The Minghella Building, University of Reading, the space of our next television conference.

 The culminating conference arising from the AHRC-funded ‘Spaces of Television’ project will be held at the University of Reading from Wednesday 18th to Friday 20th September, 2013. Proposals are invited for papers and/or panels on the theme of ‘Spaces of Television: Production, Site and Style’. The project focuses on television fiction produced in the UK from 1955-94, and analyses how the material spaces of production (in TV studios and on location) conditioned the aesthetic forms of programmes. Its primary interest is how fictional spaces represented on the screen across a range of drama during this period negotiated the opportunities and constraints of studio and exterior space, film and video technologies, and live-ness and recording.

 While we particularly welcome papers that specifically address British drama during this period, we will also consider comparative perspectives concerning dramas from other television industries, import/export, transnational exchange, co-productions and spatially-themed studies of earlier or later dramas.

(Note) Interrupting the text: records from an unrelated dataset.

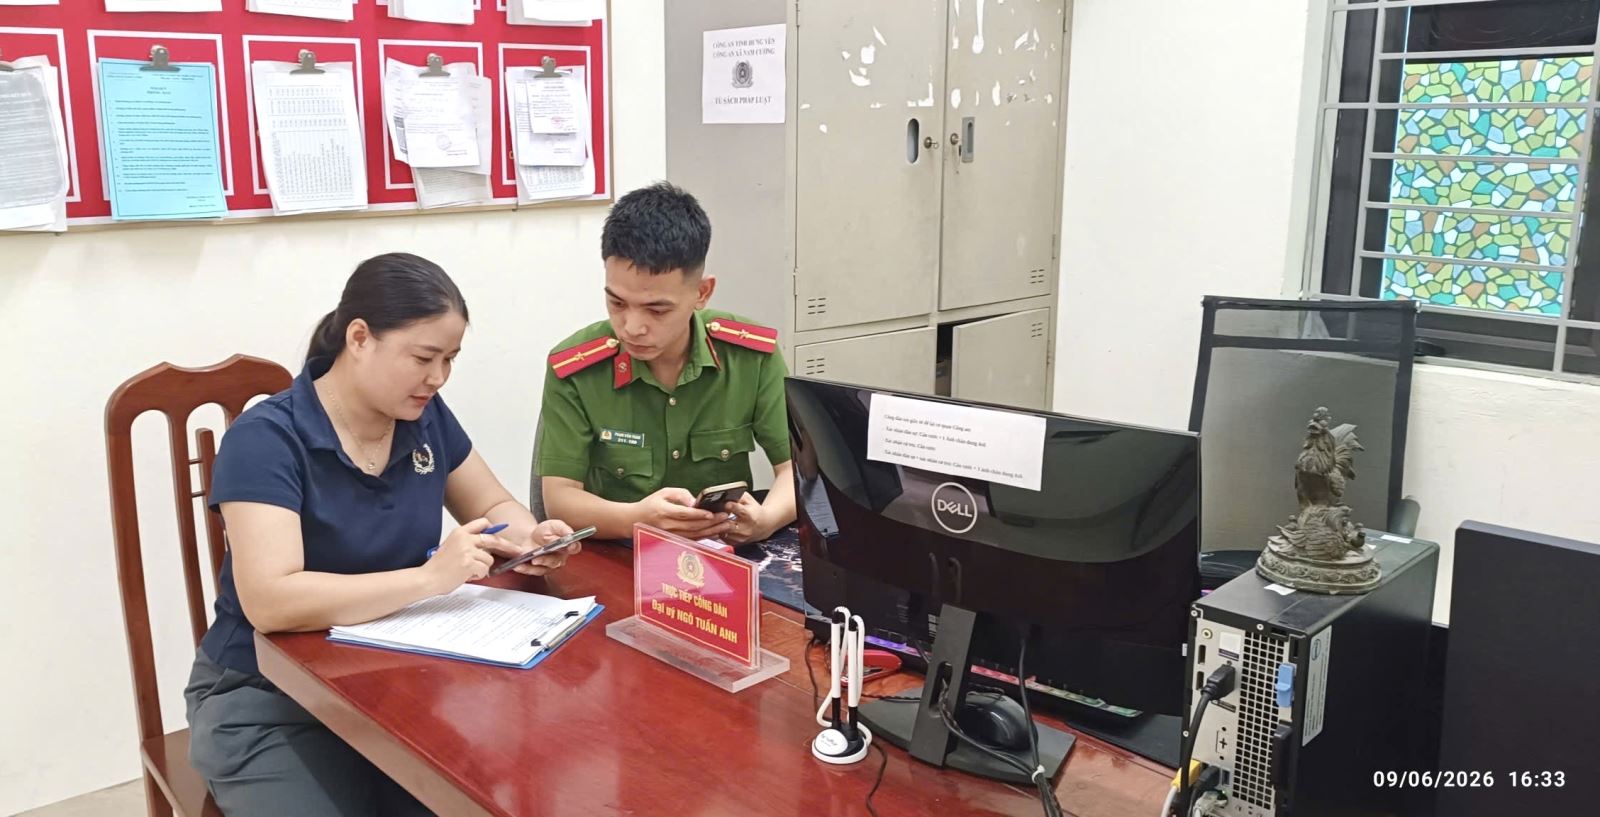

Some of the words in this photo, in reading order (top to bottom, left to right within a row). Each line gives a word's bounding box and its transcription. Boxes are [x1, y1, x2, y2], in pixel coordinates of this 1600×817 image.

[937, 499, 973, 518] DELL
[662, 582, 679, 599] TRỰC
[678, 588, 693, 604] TIẾP
[693, 594, 713, 612] CÔNG
[713, 602, 728, 618] DÂN
[651, 598, 665, 616] Đại
[676, 609, 694, 625] NGÔ
[695, 616, 718, 636] TUẤN
[719, 626, 738, 644] ANH
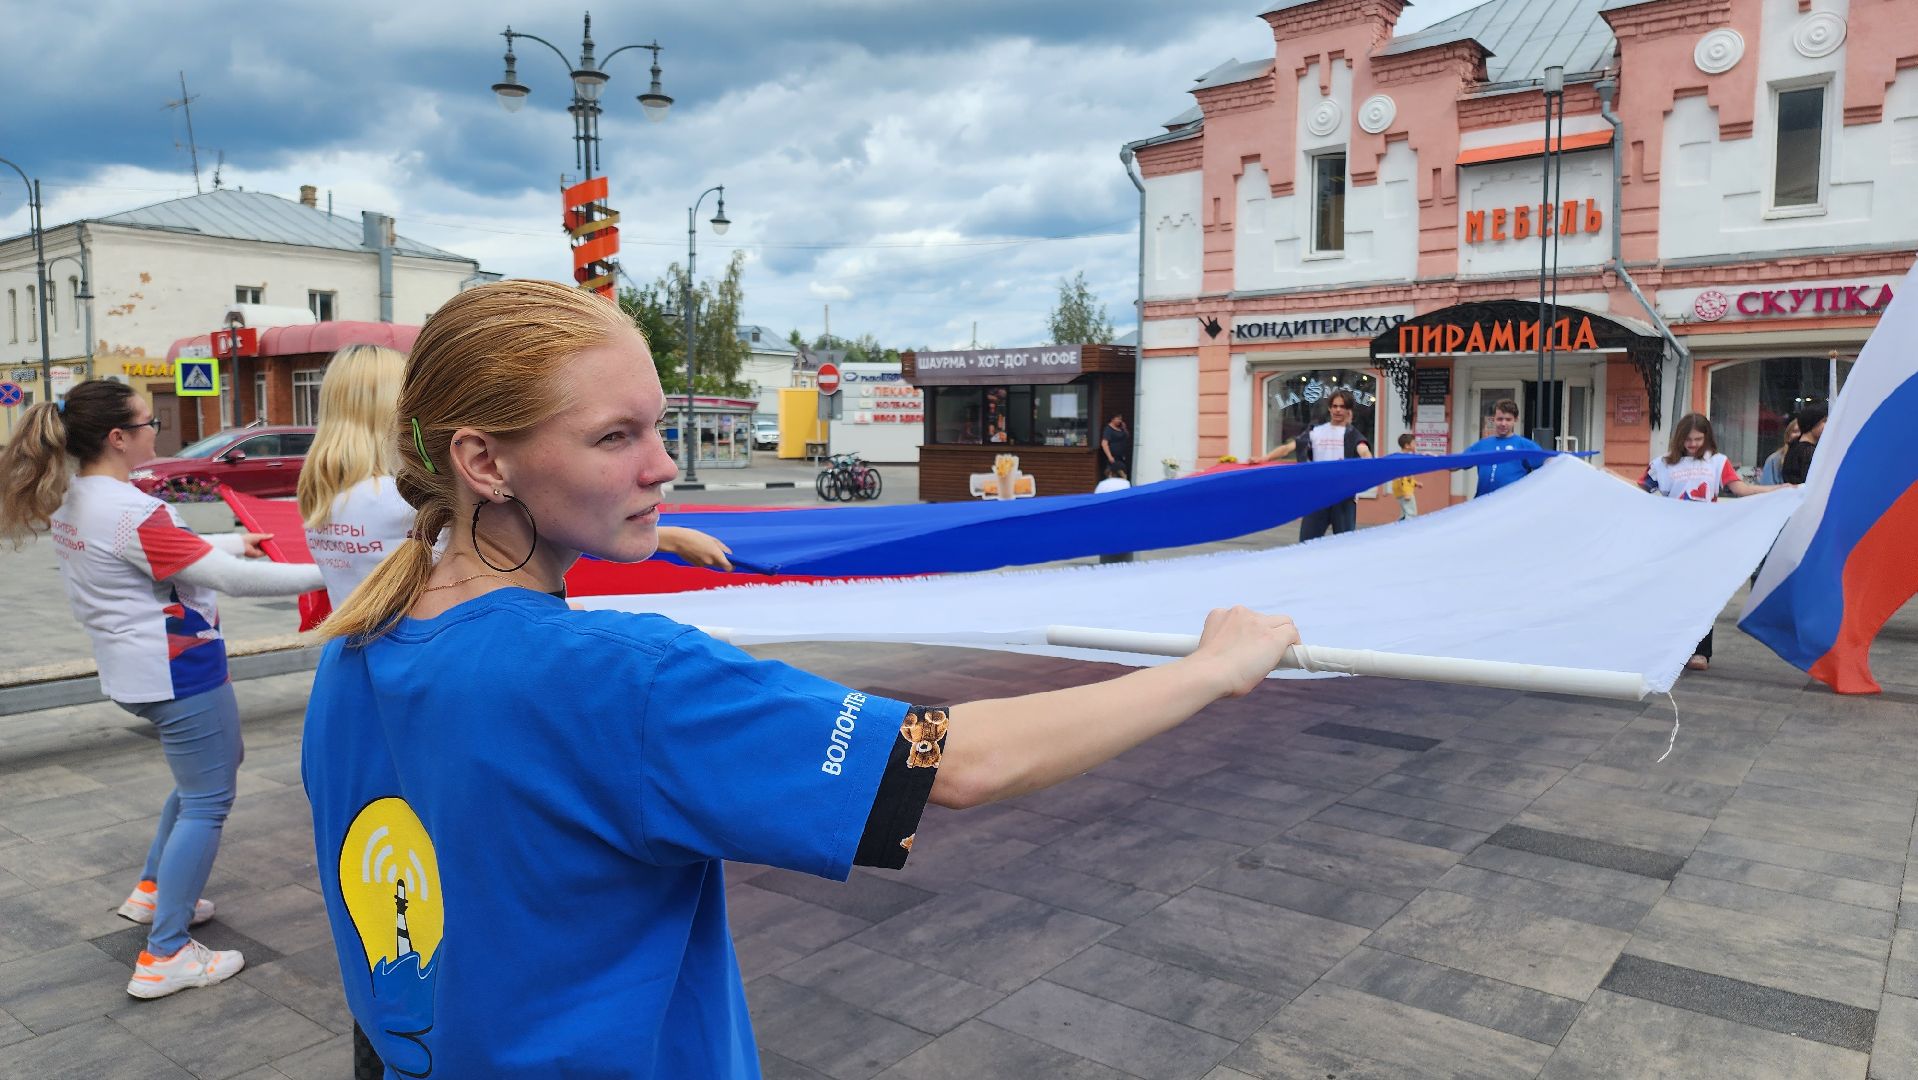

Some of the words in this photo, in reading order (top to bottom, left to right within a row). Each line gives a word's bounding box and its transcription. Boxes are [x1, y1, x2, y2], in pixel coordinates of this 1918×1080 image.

[1465, 198, 1603, 244] МЕБЕЛЬ
[1236, 315, 1405, 339] КОНДИТЕРСКАЯ
[1399, 315, 1601, 354] ПИРАМИДА
[918, 355, 967, 370] ШАУРМА
[977, 353, 1030, 369] ХОТ-ДОГ
[1041, 351, 1078, 366] КОФЕ

Possible topics include but are not limited to:

  • The institutional and aesthetic relationships between the spaces of television production (studio, location) and dramas’ social, political and cultural meanings.
  • Histories and historiographies of television drama, particularly relating to production strategies and institutional contexts.
  • The social and cultural meanings of the spaces depicted in television drama: e.g. heritage spaces, the urban and the rural, regional, national and foreign spaces, fantasy spaces.
  • Case studies of television dramatists, actors, directors, producers, designers, or other production staff and their contributions to the construction of mise-en-scene and issues of space.
  • The relationship between television dramatic space and performance, and the social and cultural meanings of performance in different spatial and aesthetic contexts.
  • Analysis of the dramatic conventions of television genres and their realisation through the use of space and mise-en-scene.
  • The spatial significance of particular production techniques and/or special effects in television drama.

Proposals for 20 minute papers in the form of a 250 word abstract (or outline of a three person panel) should be submitted to Dr Billy Smart (w.r.smart@rdg.ac.uk) by Friday 25 January 2013.

We welcome proposals from both established scholars and early career researchers including postgraduate students.